Император сенат обновил, а к началу весны сам вернулся по-прежнему править. Тяжёлые сны стали мучить меня — может, снова поднимут поборы и налоги? Недавно ходили на площадь — опять флиртовать со свободой — замёрз. Стал к весне уставать. Ни весны, ни свободы не видно — одни разговоры.

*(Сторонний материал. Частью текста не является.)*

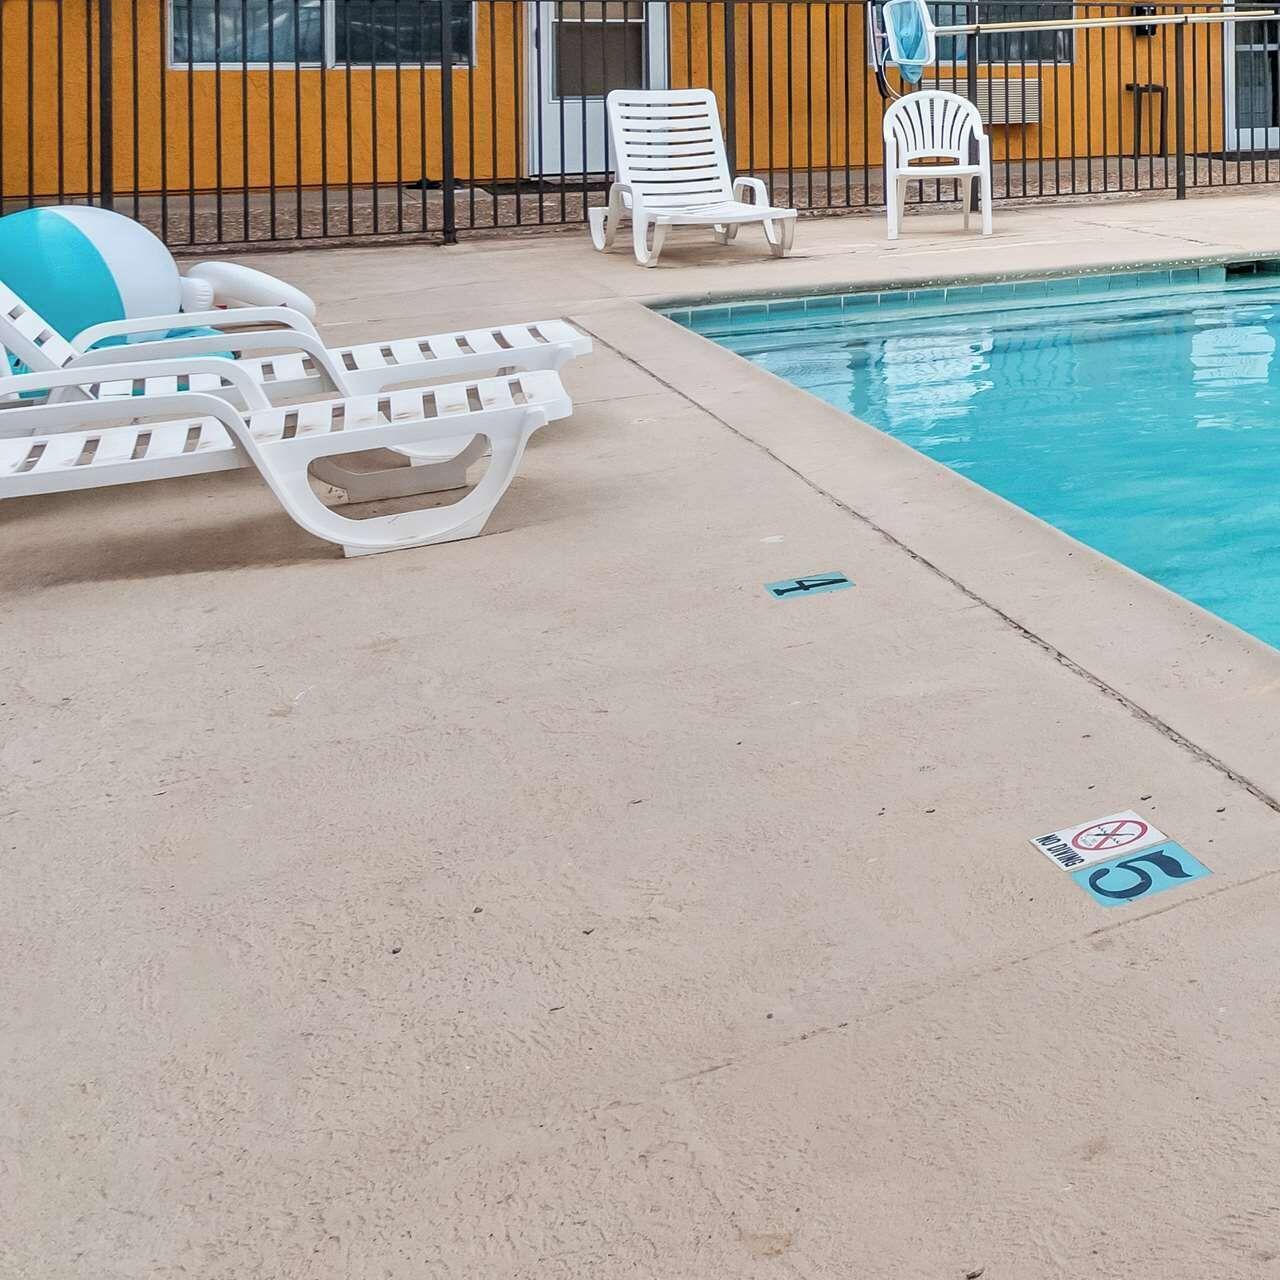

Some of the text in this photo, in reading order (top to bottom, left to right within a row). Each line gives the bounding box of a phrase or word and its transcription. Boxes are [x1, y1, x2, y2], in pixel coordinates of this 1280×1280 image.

За окном — снегопад. Обувь — мокрая. Улица — грязь. У сената на площади плачет от радости Князь, забываясь в словах, повторяемых всуе народу, всем — кто брезгует слушать и тем, кто послушно принёс на знамёнах портреты правителя... Будто Христос на хоругвях, поверишь? Да, нынче такая погода,
что тепло отдаёт только крепко заваренный чай... Будет случай — пиши, я охотно отвечу. Прощай.
15 марта 2012 г.
Искушение верой
...Йерихо — на ладони, и кажется, что за спиной — целый мир за вершиной, невидимый, будто стеной отгороженный, просит земного порядка и власти, приготовленный лечь дорогою рабыней к ногам... Йерихо — на ладони... На маленькой площади — гам, и наверное — торг, и наверное — прочие страсти:
по обычаю древних за глаз вырывается глаз, и какой-то купец для обмана заводит рассказ о чужих городах, и своё продаёт, забирая за дешёвый товар серебро... Синагога, дворы с бесконечным трудом и дымами, возня детворы и надежда на рай отлучённых от Божьего рая,
перед сном или смертью помянута. Впрочем, она — одинакова всюду. Дворец, городская стена — как за тысячу вёрст — у эмира, и как в Поднебесной или в прочей земле... Что же толку во власти земной, если власть и порядок закончатся вместе со мной, как кончается эта тропа над стеною отвесной
Йерихо́нской горы́?.. Потому что земное — химера без надежды и веры, — я дам вам надежду и веру!
Великий понедельник
Вчера был шум и гам. Сегодня — тихо. Вчера ещё встречали, как царя. Сегодня, ничего не говоря, ждут чуда. Или, может, будят лихо.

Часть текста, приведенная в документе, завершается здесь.